Dataset excerpts
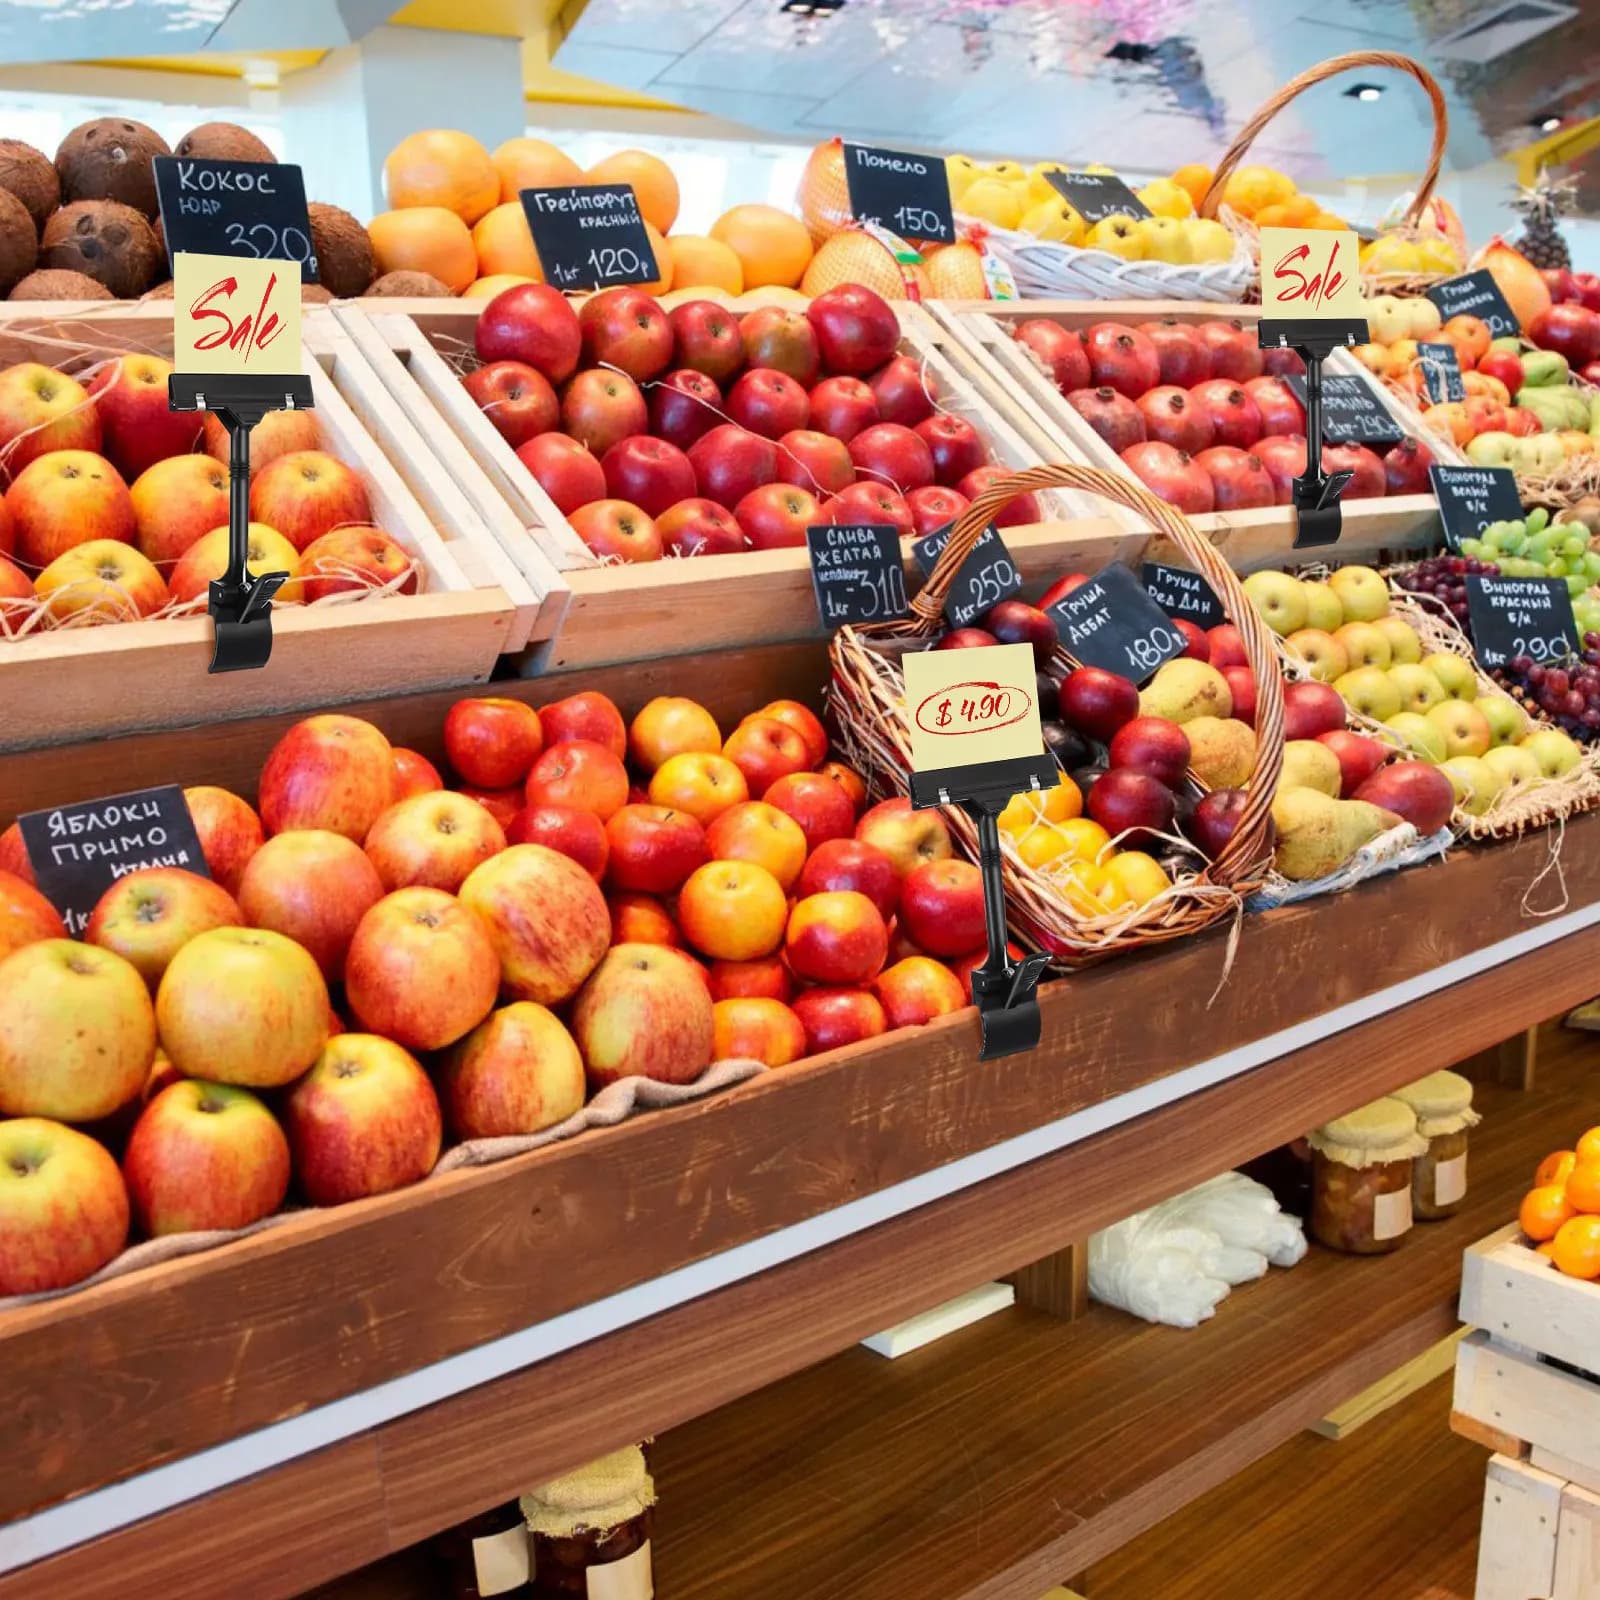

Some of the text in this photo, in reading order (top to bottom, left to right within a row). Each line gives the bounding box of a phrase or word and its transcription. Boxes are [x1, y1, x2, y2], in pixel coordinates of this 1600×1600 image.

[856, 149, 927, 175] Помело
[1274, 240, 1349, 312] Sale
[190, 272, 288, 364] Sale
[826, 528, 876, 546] СЛИВА
[815, 545, 882, 567] ЖЕЛТАЯ
[1068, 607, 1112, 645] АББАТ
[48, 801, 162, 838] ЯБЛОКИ
[51, 827, 167, 865] ПРИМО

DIRECTIONS FOR THIS TASK
Omit every picture while printing the data word for word.

ANSWER SECTION
Some of the text in this photo, in reading order (top to bottom, left to right within a row). Each line gives the bounding box of a phrase or word and its transcription. Boxes are [x1, y1, x2, y2], in pixel coordinates of this 1600×1600 image.

[856, 149, 927, 175] Помело
[1274, 240, 1349, 312] Sale
[190, 272, 288, 364] Sale
[826, 528, 876, 546] СЛИВА
[815, 545, 882, 567] ЖЕЛТАЯ
[1068, 607, 1112, 645] АББАТ
[48, 801, 162, 838] ЯБЛОКИ
[51, 827, 167, 865] ПРИМО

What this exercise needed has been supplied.